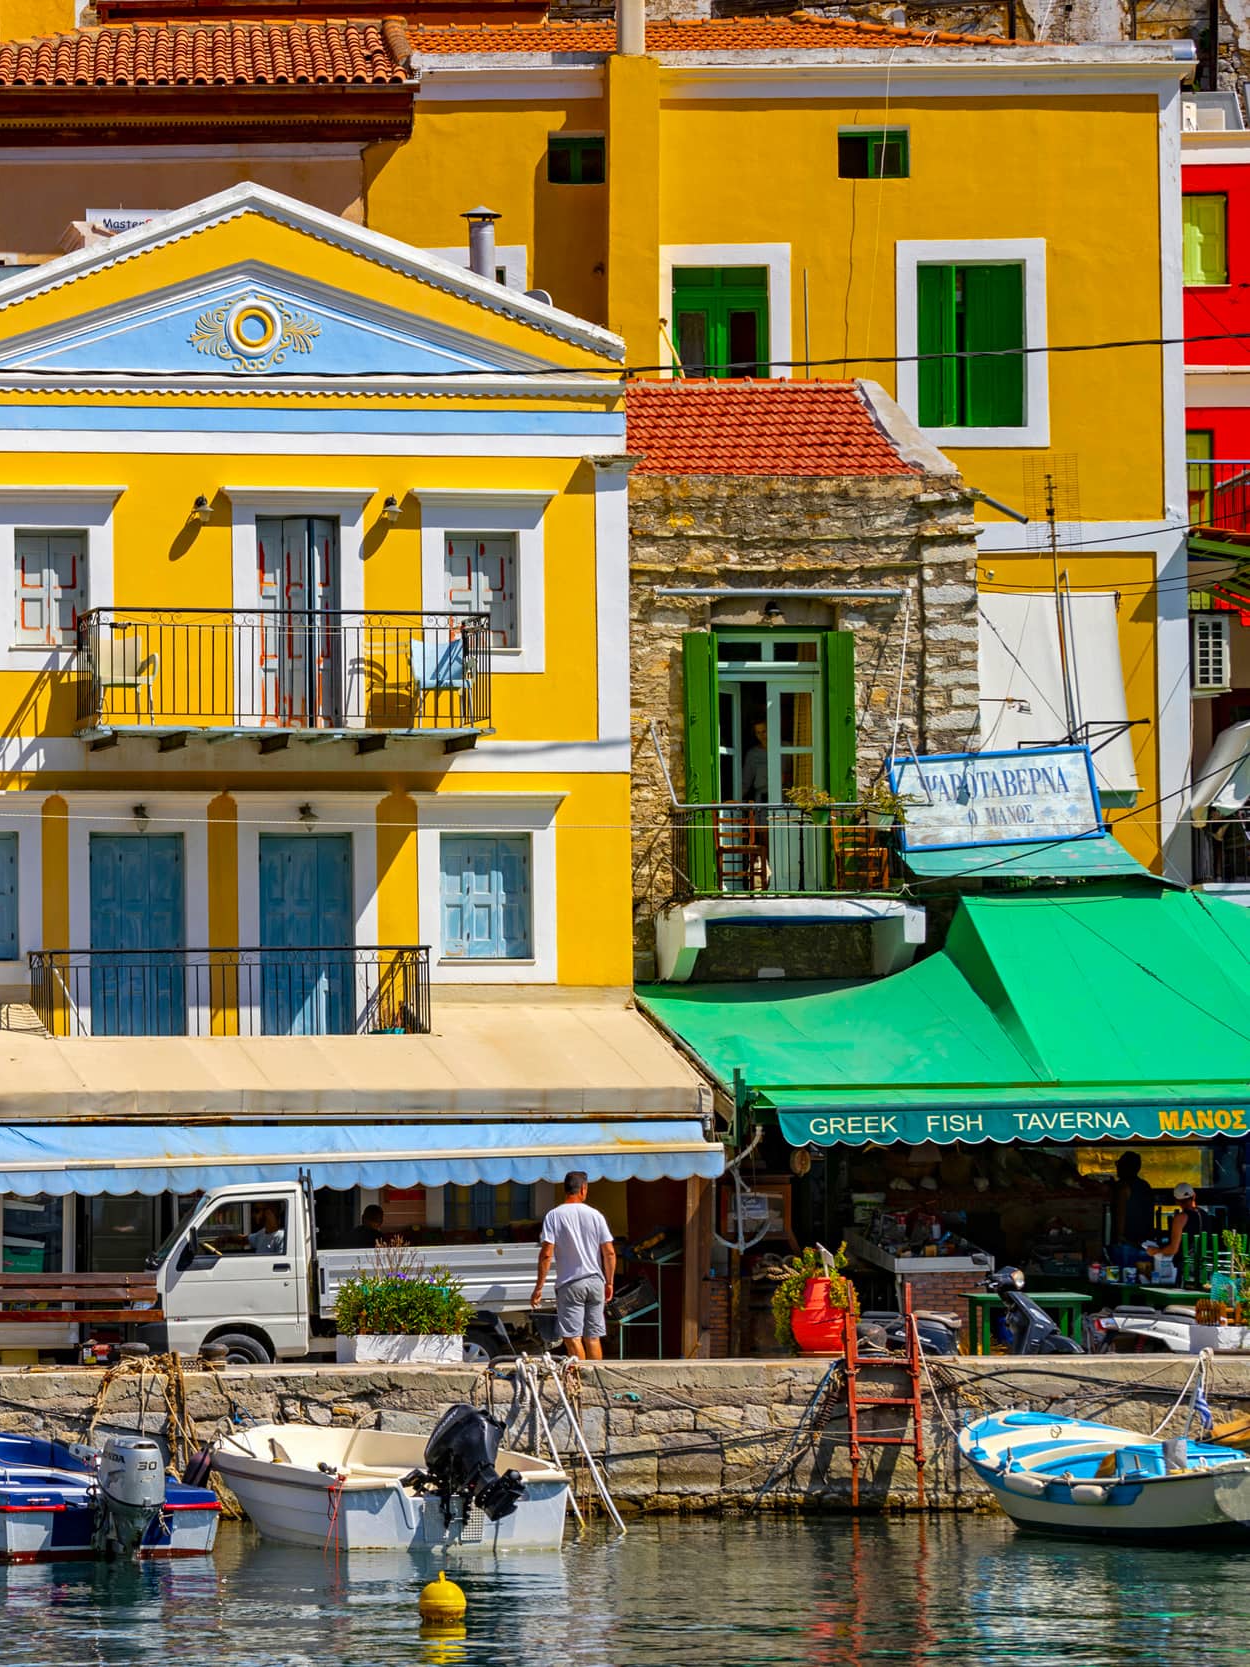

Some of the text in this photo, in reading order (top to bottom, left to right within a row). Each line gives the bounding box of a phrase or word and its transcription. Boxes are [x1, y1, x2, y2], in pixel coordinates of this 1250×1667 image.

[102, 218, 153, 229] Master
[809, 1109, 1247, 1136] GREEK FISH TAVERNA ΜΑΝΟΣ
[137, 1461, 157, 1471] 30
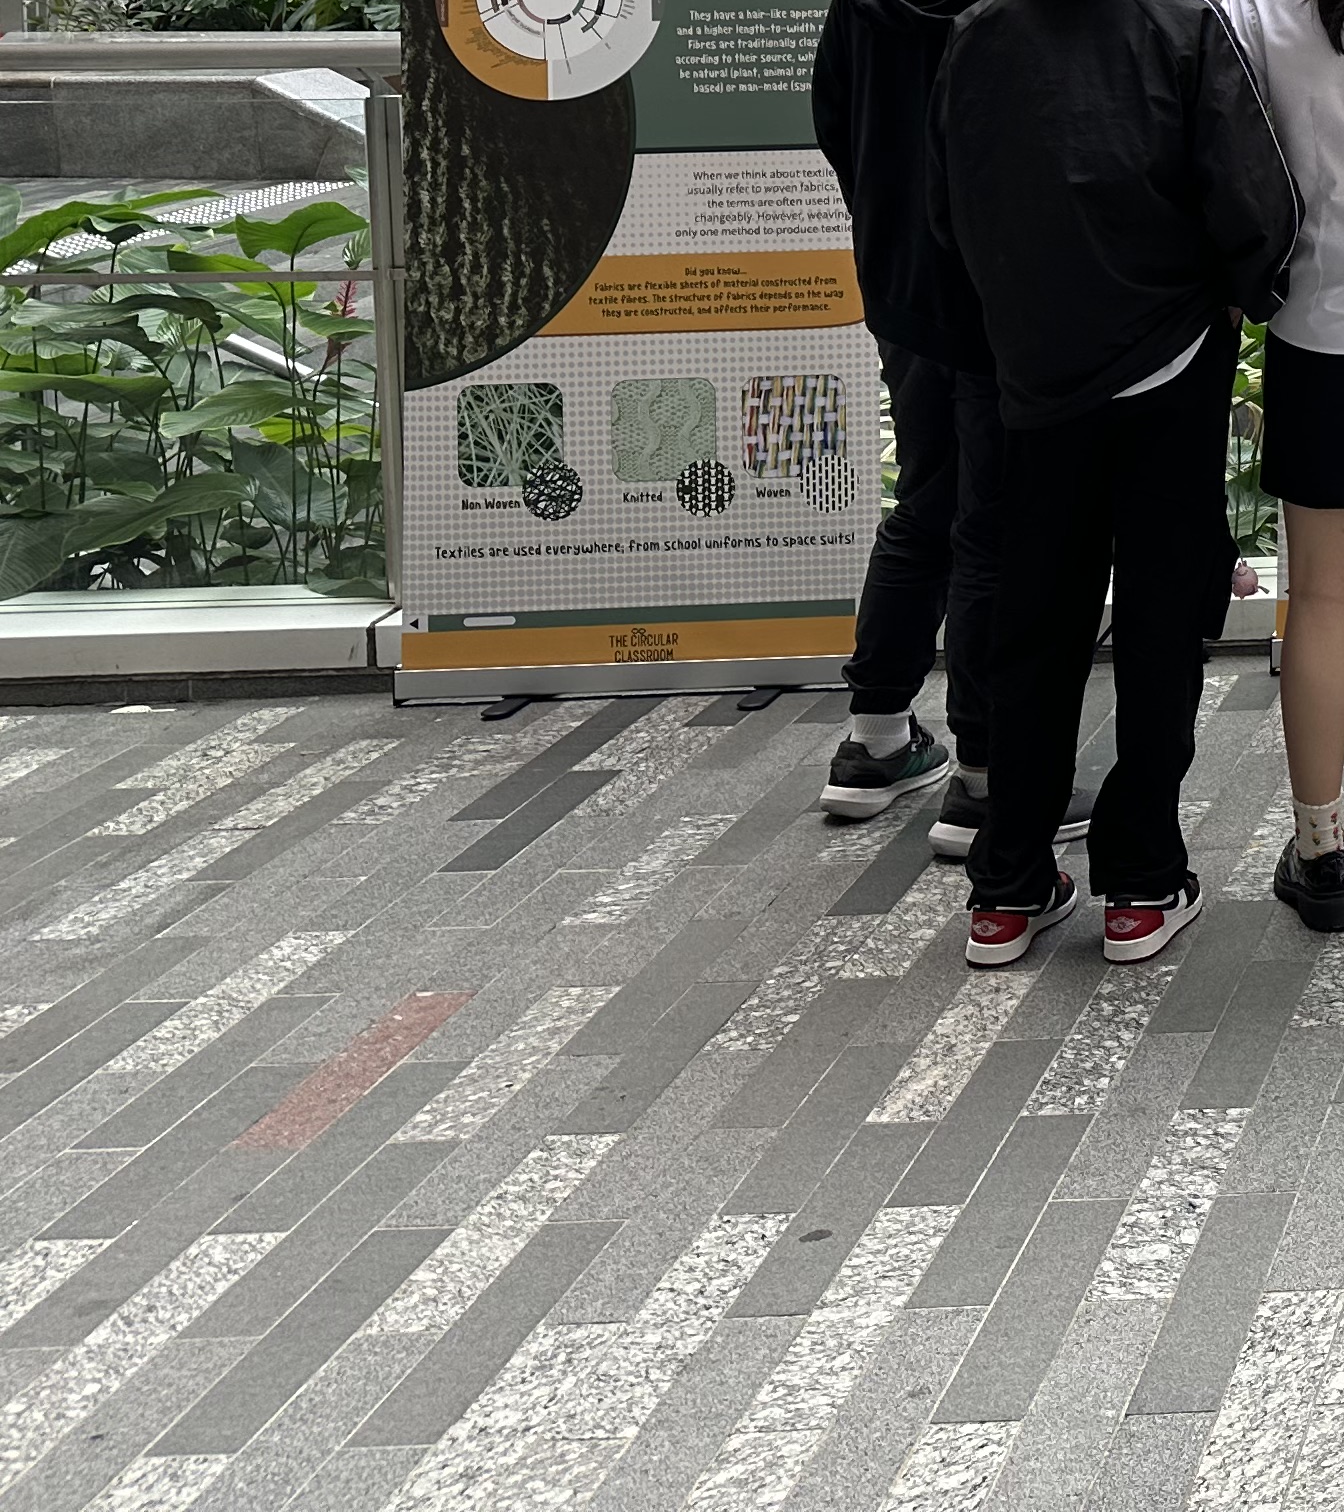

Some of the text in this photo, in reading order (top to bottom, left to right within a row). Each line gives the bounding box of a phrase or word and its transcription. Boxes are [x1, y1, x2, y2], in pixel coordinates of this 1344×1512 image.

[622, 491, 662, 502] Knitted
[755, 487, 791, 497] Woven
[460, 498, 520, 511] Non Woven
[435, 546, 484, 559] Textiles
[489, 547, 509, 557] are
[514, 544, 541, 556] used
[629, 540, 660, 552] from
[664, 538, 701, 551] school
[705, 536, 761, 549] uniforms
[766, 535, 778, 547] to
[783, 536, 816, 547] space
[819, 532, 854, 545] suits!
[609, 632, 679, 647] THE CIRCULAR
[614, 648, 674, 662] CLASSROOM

** Work order **
Please set down every line of the data above precisely, dropping the images.

** Answer box **
Some of the text in this photo, in reading order (top to bottom, left to right within a row). Each line gives the bounding box of a phrase or word and its transcription. Boxes are [x1, y1, x2, y2], in pixel coordinates of this 1250×1667 image.

[102, 218, 153, 229] Master
[809, 1109, 1247, 1136] GREEK FISH TAVERNA ΜΑΝΟΣ
[137, 1461, 157, 1471] 30

Some of the text in this photo, in reading order (top to bottom, left to right within a row). Each line gives the bounding box of a phrase or word and its transcription. Boxes are [x1, y1, x2, y2], in pixel coordinates of this 1344×1512 image.

[622, 491, 662, 502] Knitted
[755, 487, 791, 497] Woven
[460, 498, 520, 511] Non Woven
[435, 546, 484, 559] Textiles
[489, 547, 509, 557] are
[514, 544, 541, 556] used
[629, 540, 660, 552] from
[664, 538, 701, 551] school
[705, 536, 761, 549] uniforms
[766, 535, 778, 547] to
[783, 536, 816, 547] space
[819, 532, 854, 545] suits!
[609, 632, 679, 647] THE CIRCULAR
[614, 648, 674, 662] CLASSROOM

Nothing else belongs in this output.